CardioLink Salute • Contenuti informativi per pazienti
Articolo per pazienti Pubblicato: 10/05/2017 Lettura: ~2 min

Confronto tra terapia anticoagulante continua con dabigatran e warfarin durante l'ablazione della fibrillazione atriale

Fonte
N Engl J Med 2017; 376:1627-1636, April 27, 2017, DOI: 10.1056/NEJMoa1701005.

Autore articolo originale:👨‍⚕️ Rossella Vastarella Aggiornato il 04/02/2026

Informazioni rapide
Contenuti derivati da testi redatti da Medici specialisti in ambito cardiovascolare, adattati usando un linguaggio semplice per aiutarti a capire meglio la tua salute
Categoria: 919 Sezione: 7

Introduzione

Questo testo spiega uno studio che ha confrontato due tipi di farmaci anticoagulanti usati durante un intervento chiamato ablazione per la fibrillazione atriale, un disturbo del ritmo cardiaco. L'obiettivo è capire quale trattamento sia più sicuro per prevenire sanguinamenti e altre complicazioni.

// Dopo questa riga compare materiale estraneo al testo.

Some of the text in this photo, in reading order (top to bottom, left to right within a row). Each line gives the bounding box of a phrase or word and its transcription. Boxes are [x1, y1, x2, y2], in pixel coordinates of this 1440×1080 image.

Che cos'è l'ablazione della fibrillazione atriale

L'ablazione transcatetere è una procedura medica usata per correggere la fibrillazione atriale, un problema in cui il cuore batte in modo irregolare. Durante questa procedura, è importante usare farmaci anticoagulanti per evitare la formazione di coaguli di sangue.

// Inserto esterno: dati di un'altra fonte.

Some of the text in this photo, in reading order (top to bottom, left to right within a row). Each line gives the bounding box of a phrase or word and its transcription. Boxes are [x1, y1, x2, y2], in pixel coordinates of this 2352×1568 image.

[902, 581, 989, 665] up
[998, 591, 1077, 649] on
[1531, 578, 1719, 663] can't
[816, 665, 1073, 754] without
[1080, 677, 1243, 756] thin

I farmaci anticoagulanti confrontati

Lo studio ha confrontato due tipi di anticoagulanti:

  • Dabigatran: un farmaco che non interferisce con la vitamina K e viene preso due volte al giorno.
  • Warfarin: un anticoagulante tradizionale che richiede un controllo del sangue per mantenere un valore chiamato INR tra 2,0 e 3,0.

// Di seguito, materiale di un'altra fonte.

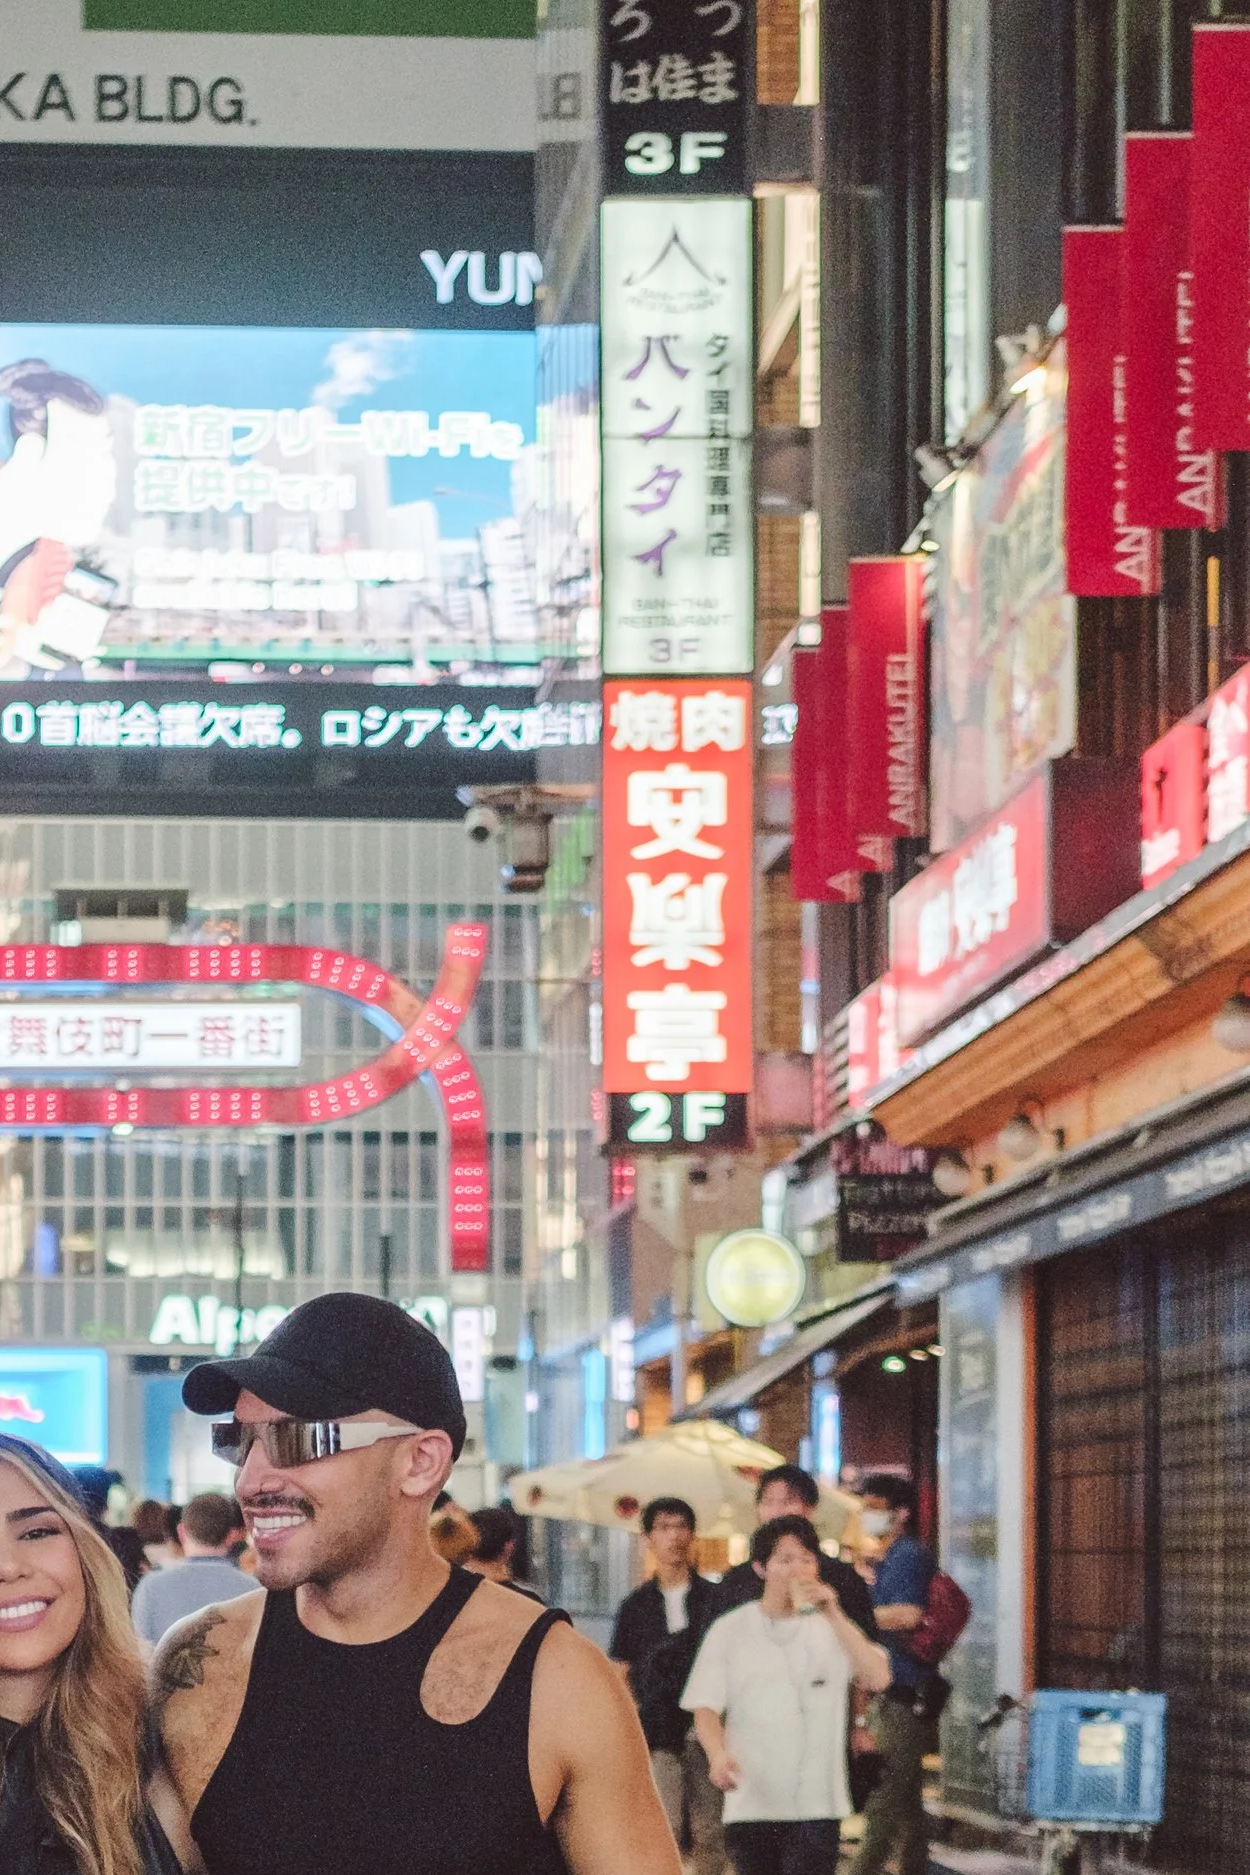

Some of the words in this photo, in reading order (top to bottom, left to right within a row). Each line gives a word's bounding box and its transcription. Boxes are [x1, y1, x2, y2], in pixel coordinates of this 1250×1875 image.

[95, 72, 257, 126] BLDG.
[625, 131, 729, 175] 3F
[622, 335, 690, 578] バンタイ
[648, 637, 701, 663] 3F
[610, 691, 746, 752] 焼肉
[628, 1091, 726, 1143] 2F

Modalità di somministrazione

Entrambi i farmaci sono stati assunti senza interruzioni per 4-8 settimane prima dell'ablazione, continuando durante la procedura e per altre 8 settimane dopo.

Obiettivi dello studio

Lo scopo principale era valutare la sicurezza, in particolare la frequenza di sanguinamenti importanti durante e dopo l'ablazione. Sono stati anche osservati eventi come coaguli di sangue e sanguinamenti meno gravi.

Risultati principali

  • Lo studio ha coinvolto 704 pazienti, di cui 635 hanno effettuato l'ablazione.
  • Il gruppo che ha usato dabigatran ha avuto meno casi di sanguinamenti gravi (1,6%) rispetto a quello con warfarin (6,9%).
  • Con dabigatran si sono verificati meno casi di complicazioni specifiche come il tamponamento pericardico (accumulo di liquido intorno al cuore) e ematomi nella zona inguinale.
  • Entrambi i gruppi hanno avuto un numero simile di sanguinamenti minori.
  • Un solo evento di coagulo di sangue è stato segnalato nel gruppo warfarin.

In conclusione

Nei pazienti sottoposti all'ablazione per la fibrillazione atriale, l'uso continuo di dabigatran è risultato più sicuro rispetto al warfarin, con meno complicazioni legate al sanguinamento.